**Exercise objective:**
Transcribe exactly the entries from the "this 2212×1659 image." line to the end, both included, minus pictures.

#####

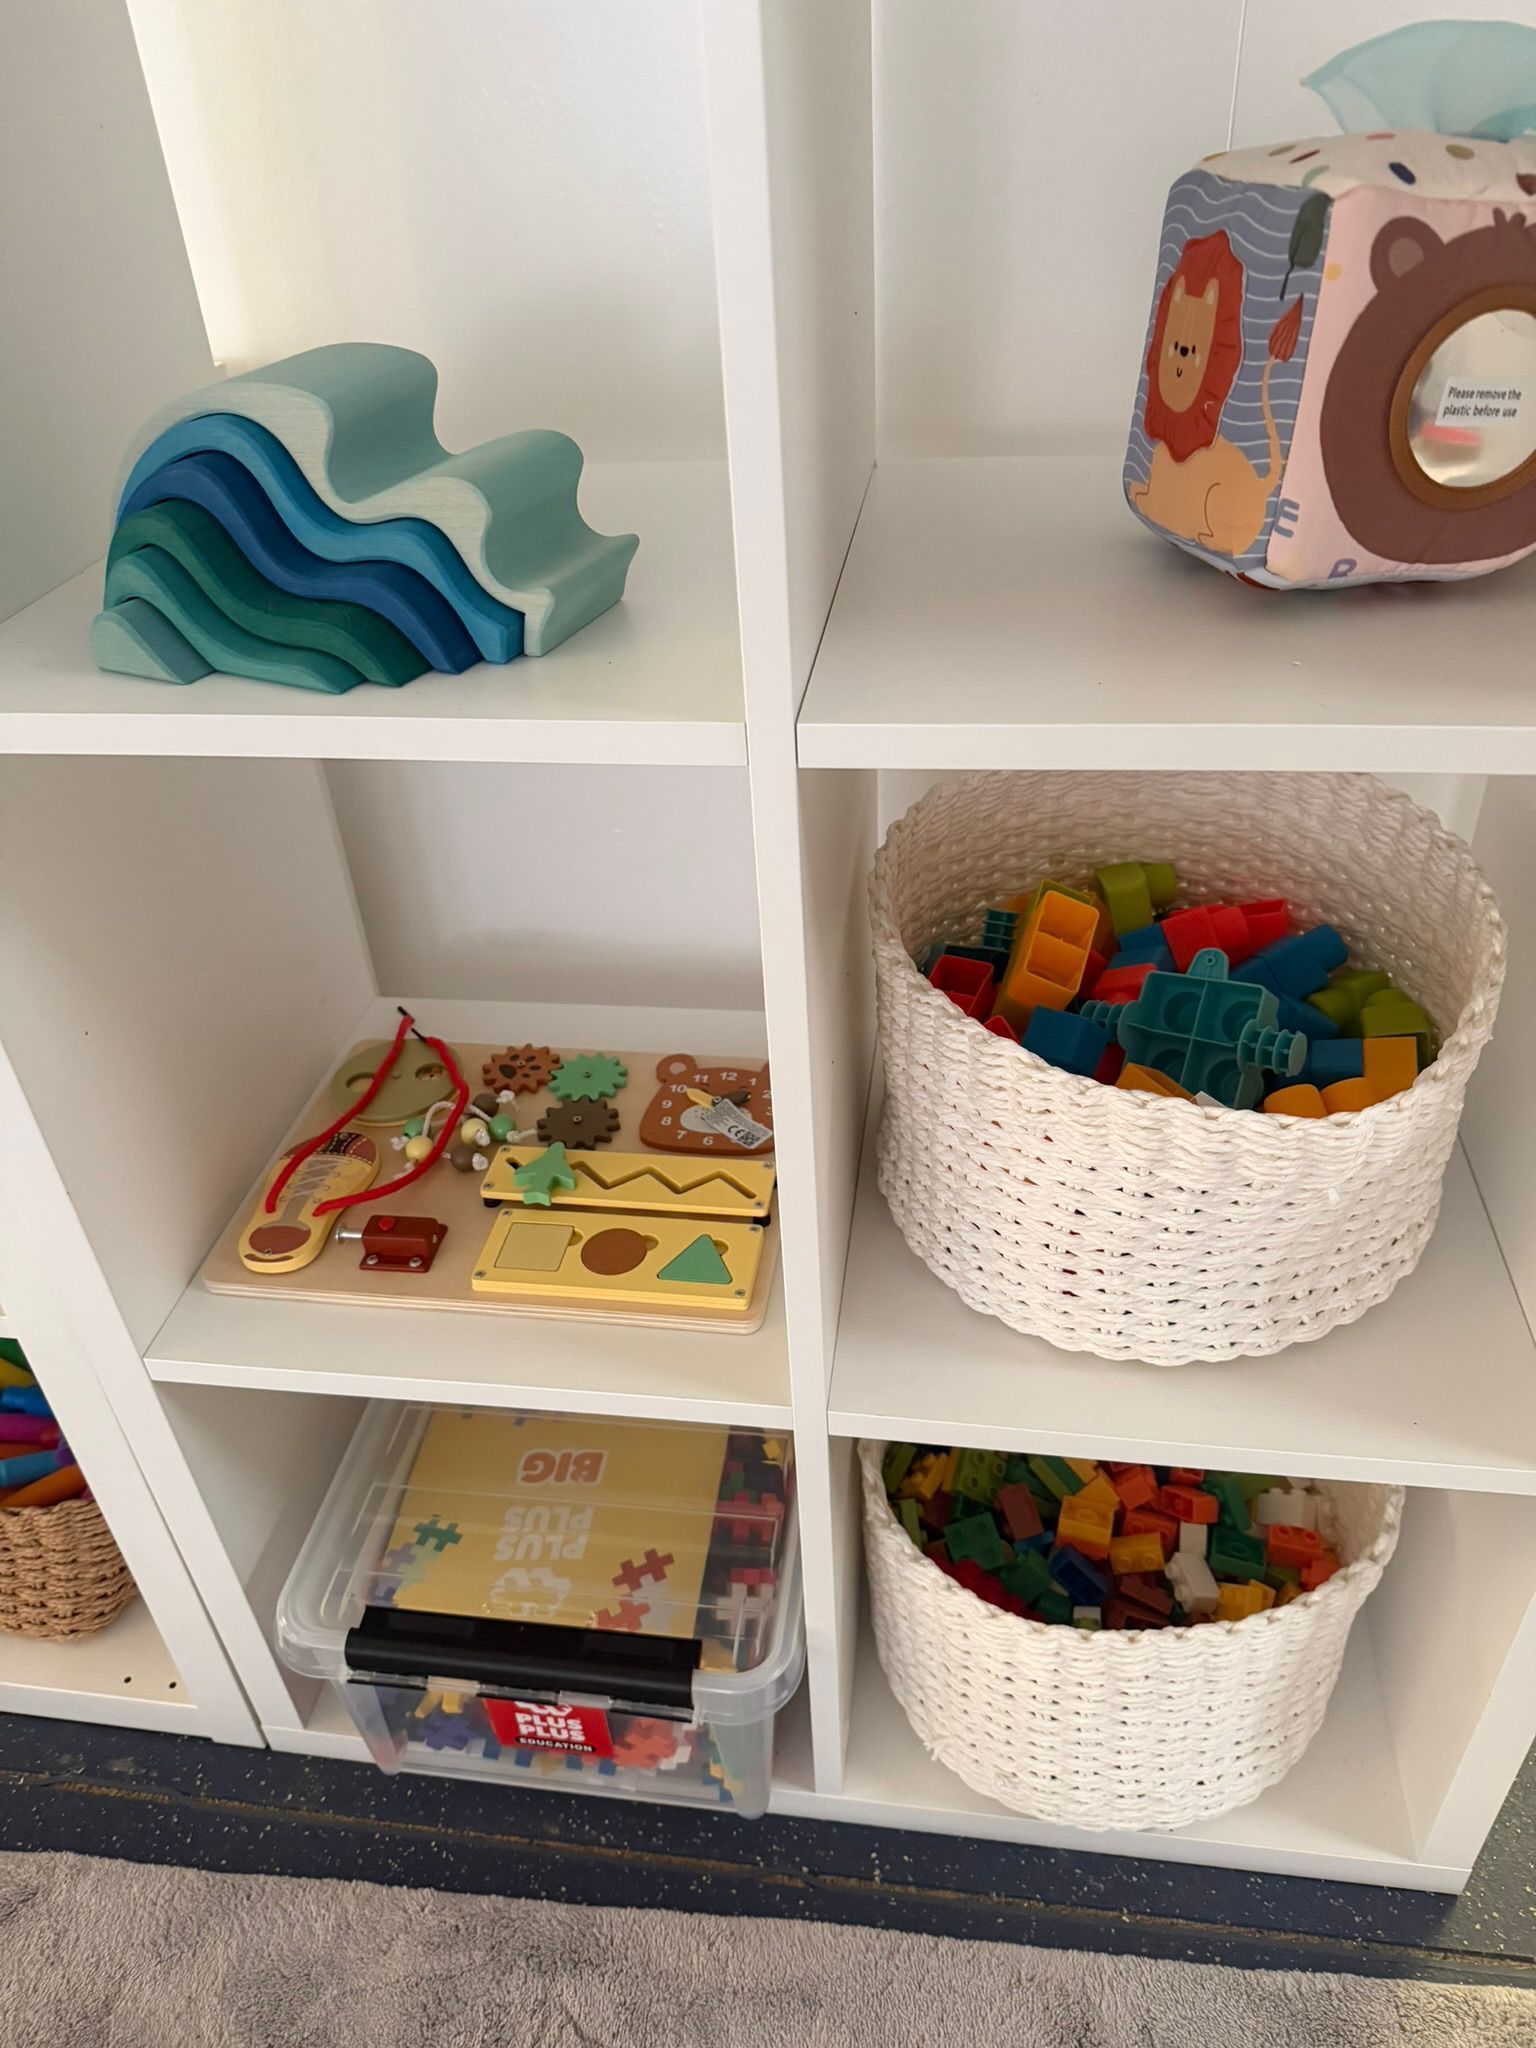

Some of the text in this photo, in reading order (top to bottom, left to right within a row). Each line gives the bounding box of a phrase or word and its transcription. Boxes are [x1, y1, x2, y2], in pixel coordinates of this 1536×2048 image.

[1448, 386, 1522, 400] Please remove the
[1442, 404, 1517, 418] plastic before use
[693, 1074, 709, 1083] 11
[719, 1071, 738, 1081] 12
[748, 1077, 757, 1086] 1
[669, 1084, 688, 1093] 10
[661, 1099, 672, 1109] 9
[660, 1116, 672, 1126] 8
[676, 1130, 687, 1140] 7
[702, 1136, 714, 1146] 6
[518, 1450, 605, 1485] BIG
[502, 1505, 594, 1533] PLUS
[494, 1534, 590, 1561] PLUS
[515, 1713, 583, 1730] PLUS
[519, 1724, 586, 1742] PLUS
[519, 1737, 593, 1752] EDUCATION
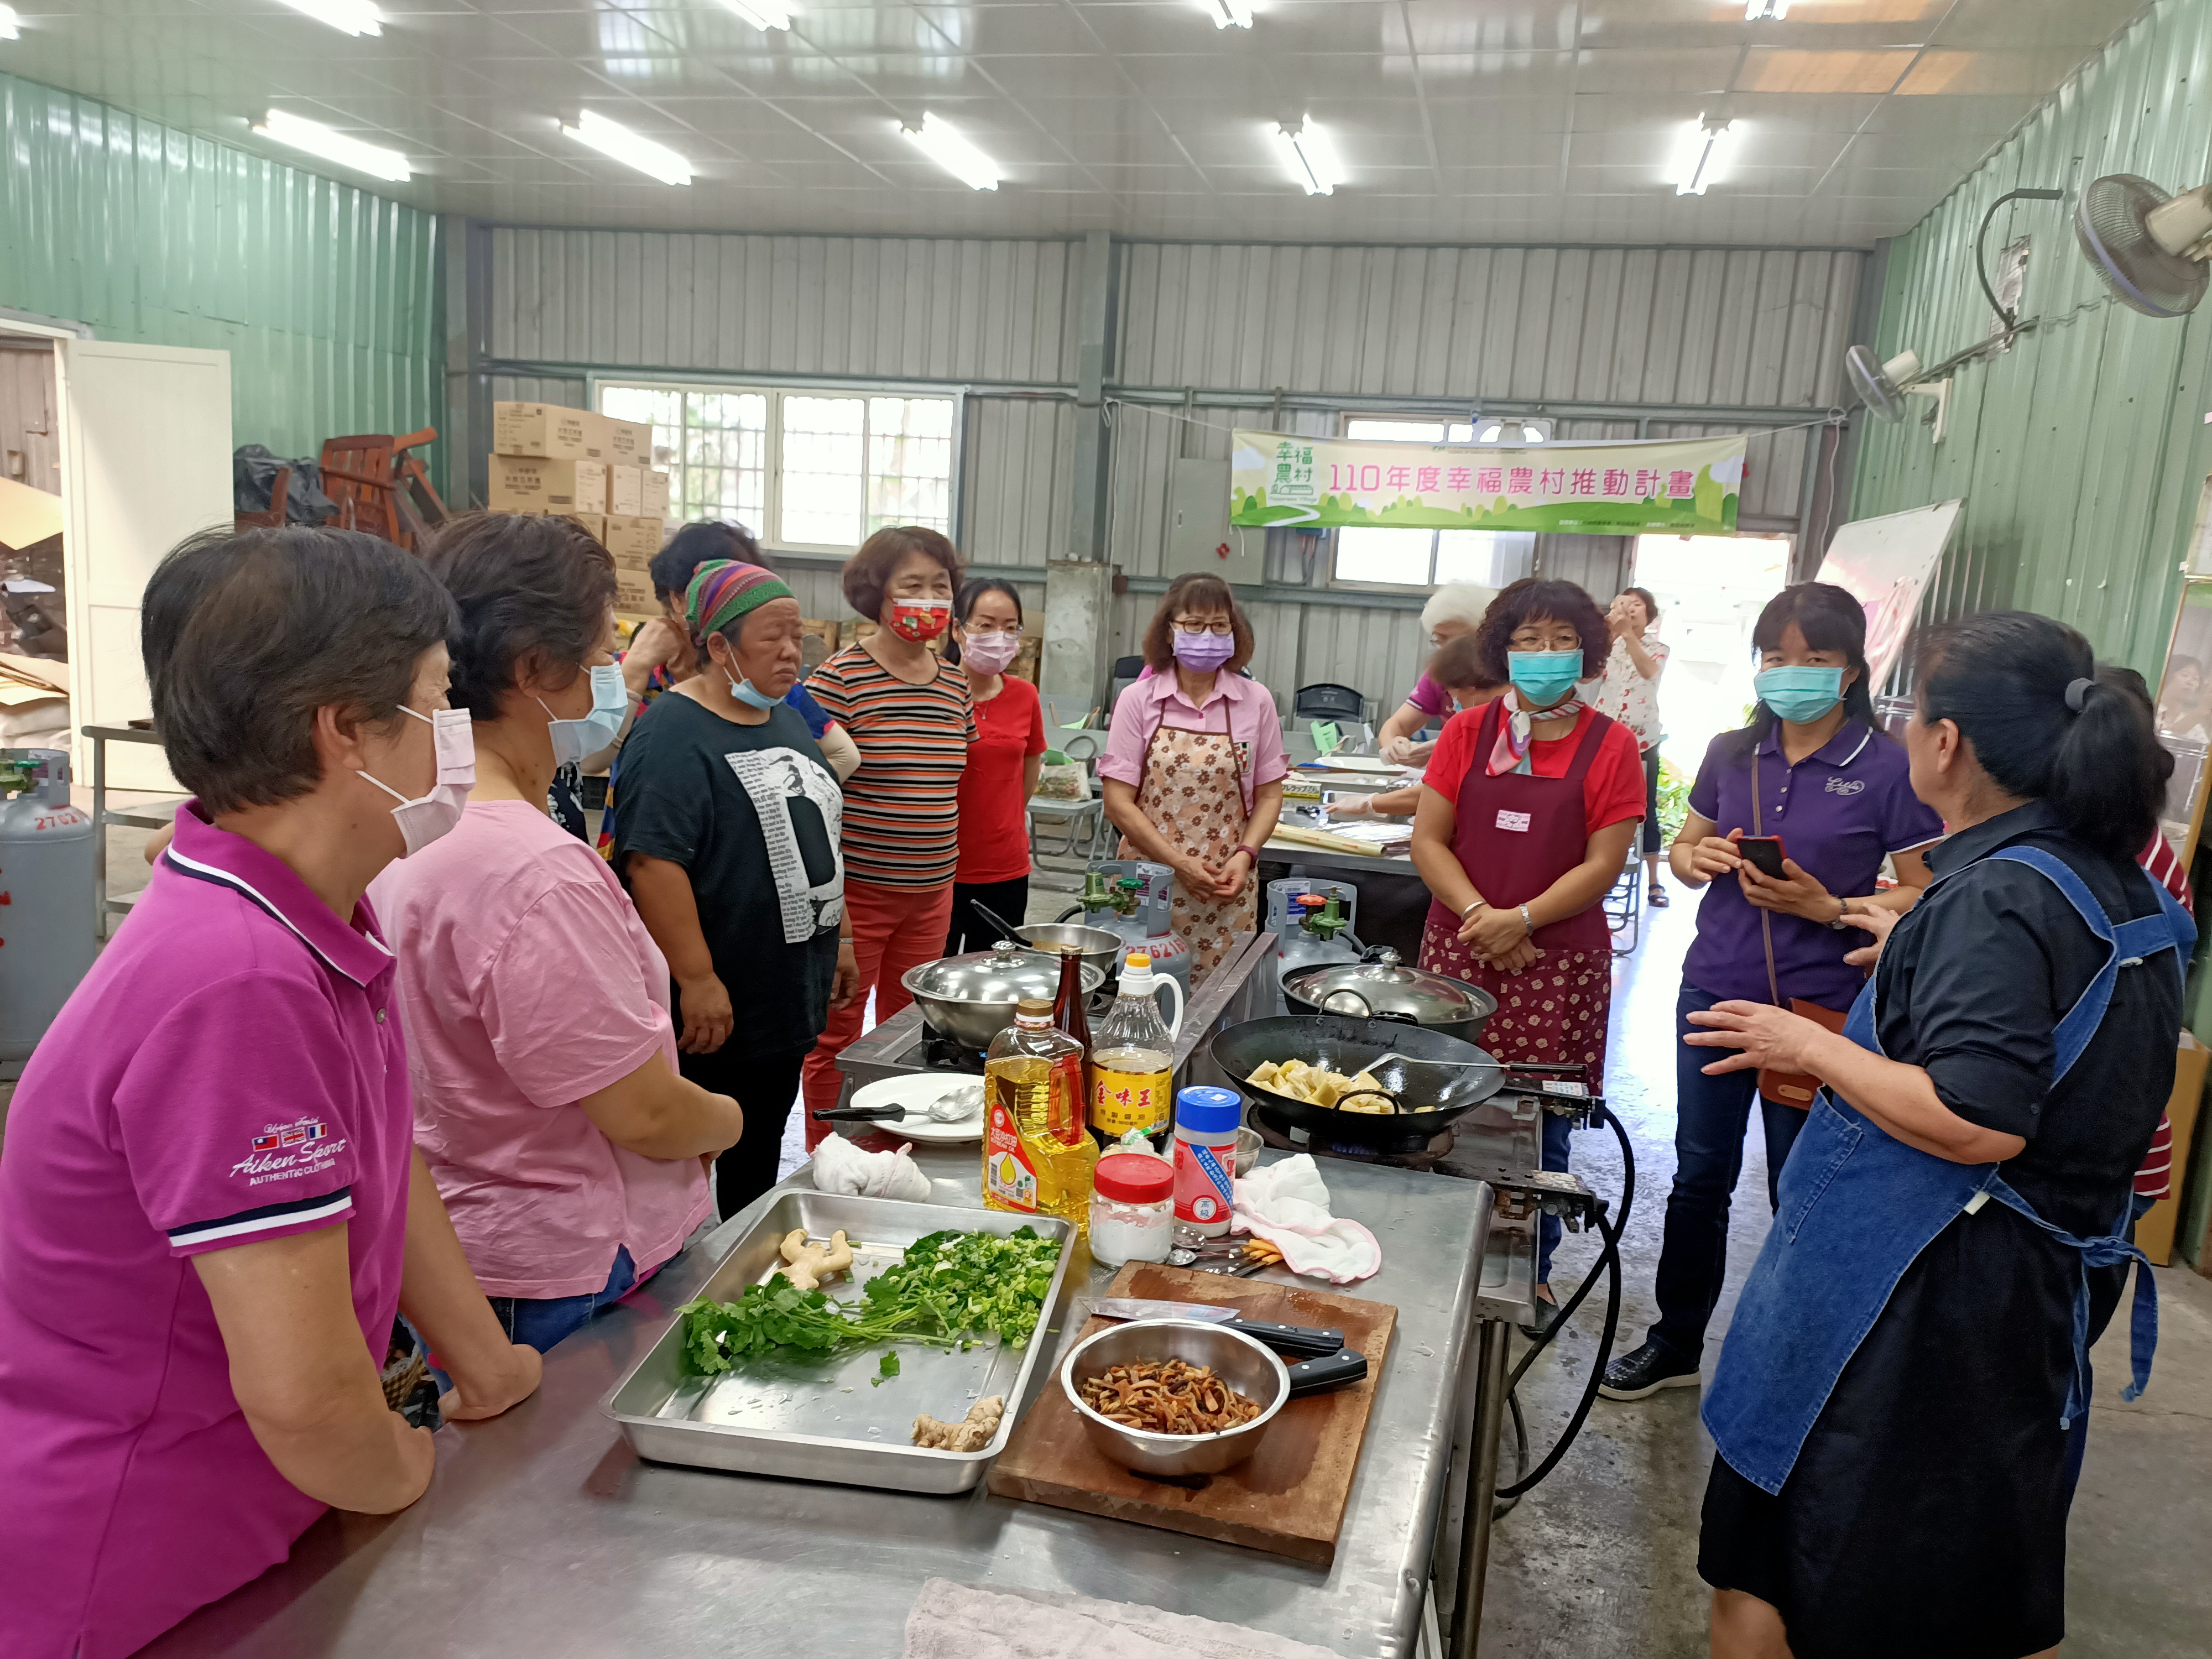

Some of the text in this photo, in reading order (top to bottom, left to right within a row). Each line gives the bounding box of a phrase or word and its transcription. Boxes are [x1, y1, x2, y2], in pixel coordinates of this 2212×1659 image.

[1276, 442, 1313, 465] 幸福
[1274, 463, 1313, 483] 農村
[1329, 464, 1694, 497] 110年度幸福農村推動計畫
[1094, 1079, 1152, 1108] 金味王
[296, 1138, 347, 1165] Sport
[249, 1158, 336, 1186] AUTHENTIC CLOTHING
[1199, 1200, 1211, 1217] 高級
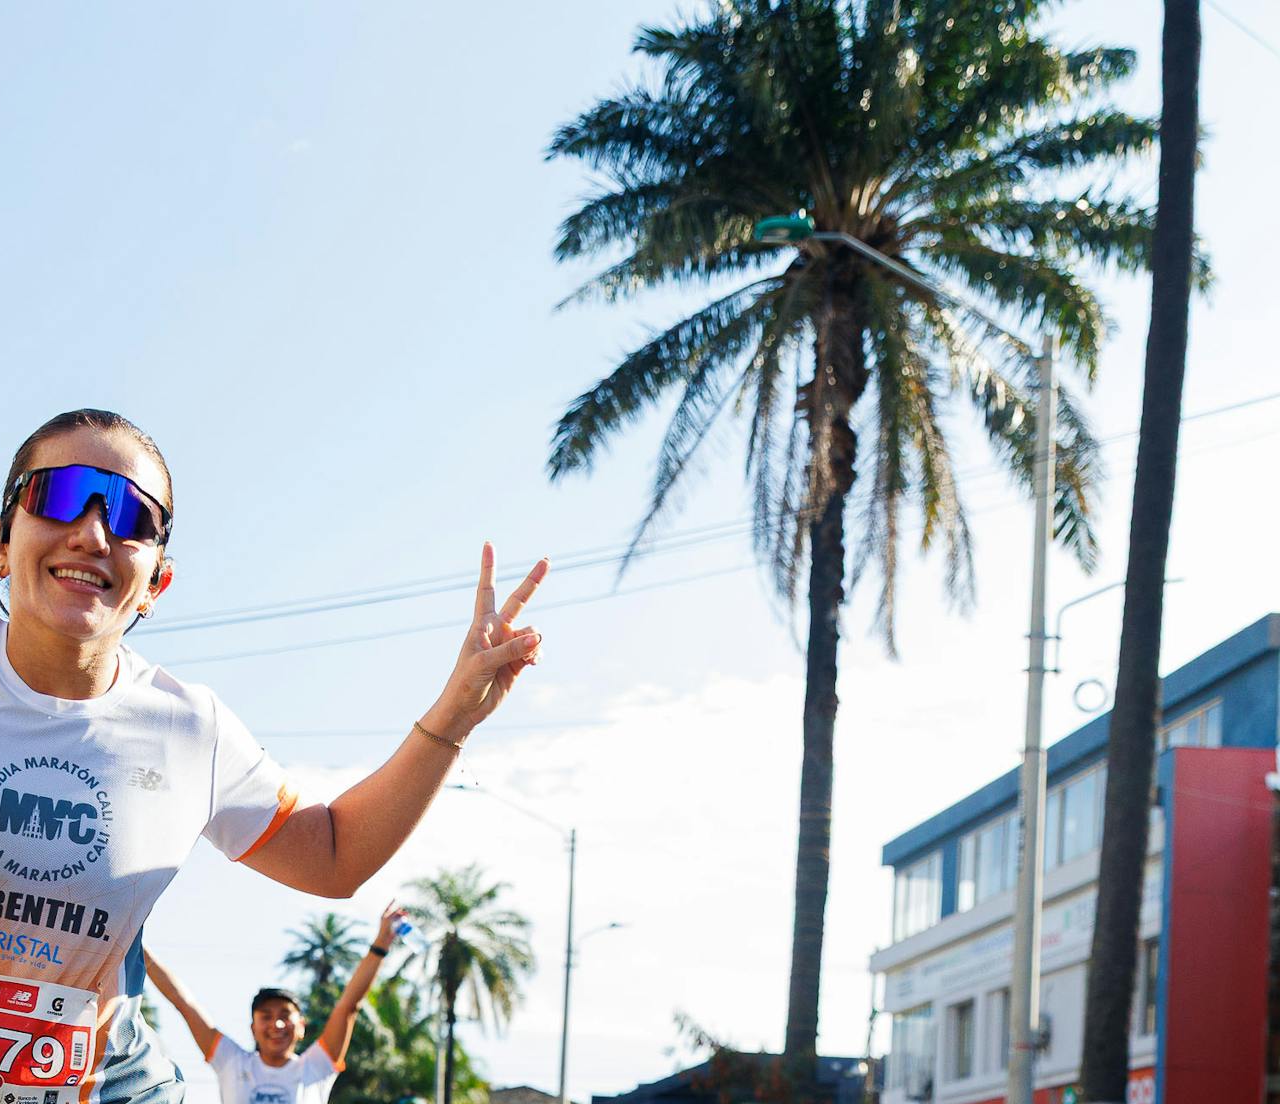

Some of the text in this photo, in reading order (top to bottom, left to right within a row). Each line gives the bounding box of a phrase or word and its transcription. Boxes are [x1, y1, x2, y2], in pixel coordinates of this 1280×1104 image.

#####

**Reply to the exercise:**
Some of the text in this photo, in reading order (top to bottom, left to right within a row). Each line gives the bounding box of a phrase or word and its transcription. Boxes are [x1, y1, x2, y2], in pixel coordinates of this 2212×1659 image.

[1276, 442, 1313, 465] 幸福
[1274, 463, 1313, 483] 農村
[1329, 464, 1694, 497] 110年度幸福農村推動計畫
[1094, 1079, 1152, 1108] 金味王
[296, 1138, 347, 1165] Sport
[249, 1158, 336, 1186] AUTHENTIC CLOTHING
[1199, 1200, 1211, 1217] 高級

Some of the text in this photo, in reading order (top to bottom, left to right within a row). Each line gives the bounding box of a phrase or word and its transcription. Boxes are [x1, y1, x2, y2], in pixel coordinates of this 1280×1104 image.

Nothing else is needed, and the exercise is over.